Se le avessero dato retta, le cose oggi andrebbero meglio?
"Di sicuro. Provo ancora rabbia per non essere stato ascoltato e sono convinto che ci sia ancora ‘timidezza’ nell’affrontare il problema da parte di tanti".
In che senso?
"Lo si deve dire chiaramente: chi viola la legge va punito e se si tratta di immigrati devono andare a casa. La Lega lo ha detto e ha vinto le elezioni. Lo si deve dire e lo si deve fare per i cittadini più deboli, perché sono quelli più a rischio per i problemi della sicurezza e perché alla Castellina non ci sono gli stanzoni dei cinesi che ti impediscono di dormire..."

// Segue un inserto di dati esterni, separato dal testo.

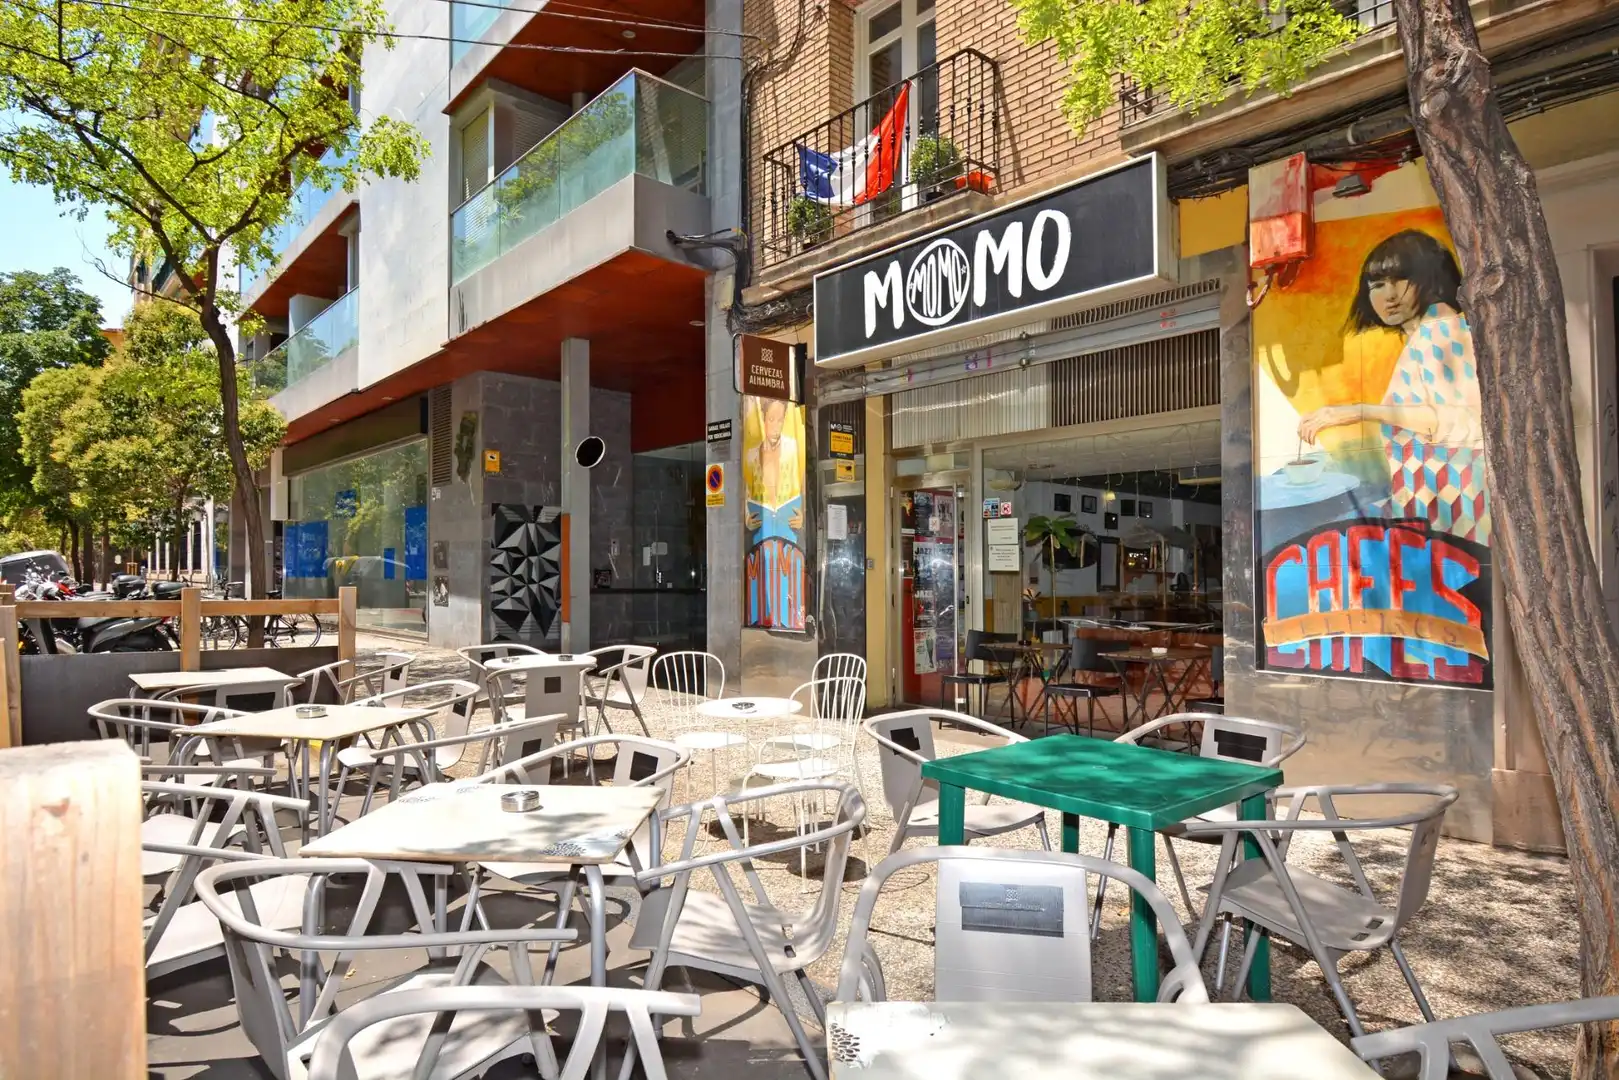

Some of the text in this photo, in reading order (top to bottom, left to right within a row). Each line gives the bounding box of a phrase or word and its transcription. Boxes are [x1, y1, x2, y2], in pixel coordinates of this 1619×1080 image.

Pensa che nel suo partito non tutti siano d’accordo con lei?
"Non mi pare che tutti abbiano ‘metabolizzato’ il concetto"
E in giunta?
"Anche in giunta secondo me c’è chi la pensa diversamente. I presidenti dei quartieri sì, loro sono con me, perché lavorano a stretto contatto con i cittadini e conoscono i problemi"
Si sente solo?
"Sì. Da mesi chiedo più vigili, perché per continuare a fare quello che stiamo facendo sono indispensabili. Nulla. Ma se la legalità, come si dice, è prioritaria, agiamo di conseguenza: le risorse vadano lì. E invece questa scelta non viene fatta"
Le cifre di otto mesi di controlli sul distretto parallelo cinese
"1470 macchinari sequestrati, 60 ditte sottoposte a verifica, 58 sequestri penali degli immobili, circa 800 clandestini"
E poi ai clandestini che succede?
"E qui c’è il problema normativo, che mi auguro venga al più presto risolto, a prescindere dal ‘colore’ del governo: servono espulsioni vere, non i fogli di via che nessuno rispetta. E in Toscana è indispensabile un Cpt, dove mandare i clandestini, invece di tenerli nelle questure e perdere uomini che sarebbero preziosi sul territorio, perché costretti a controllarli. Dovrebbe essersene reso conto da un pezzo, il nostro governatore"
Claudio Martini...
"Sì, lui pensa alla pace e alla povertà nel terzo mondo. Temi nobili e importantissimi, ma forse il suo compito sarebbe anche interessarsi ai problemi quotidiani dei toscani. La gente comincia a non poterne più di certi buonismi di facciata e vuole soluzioni".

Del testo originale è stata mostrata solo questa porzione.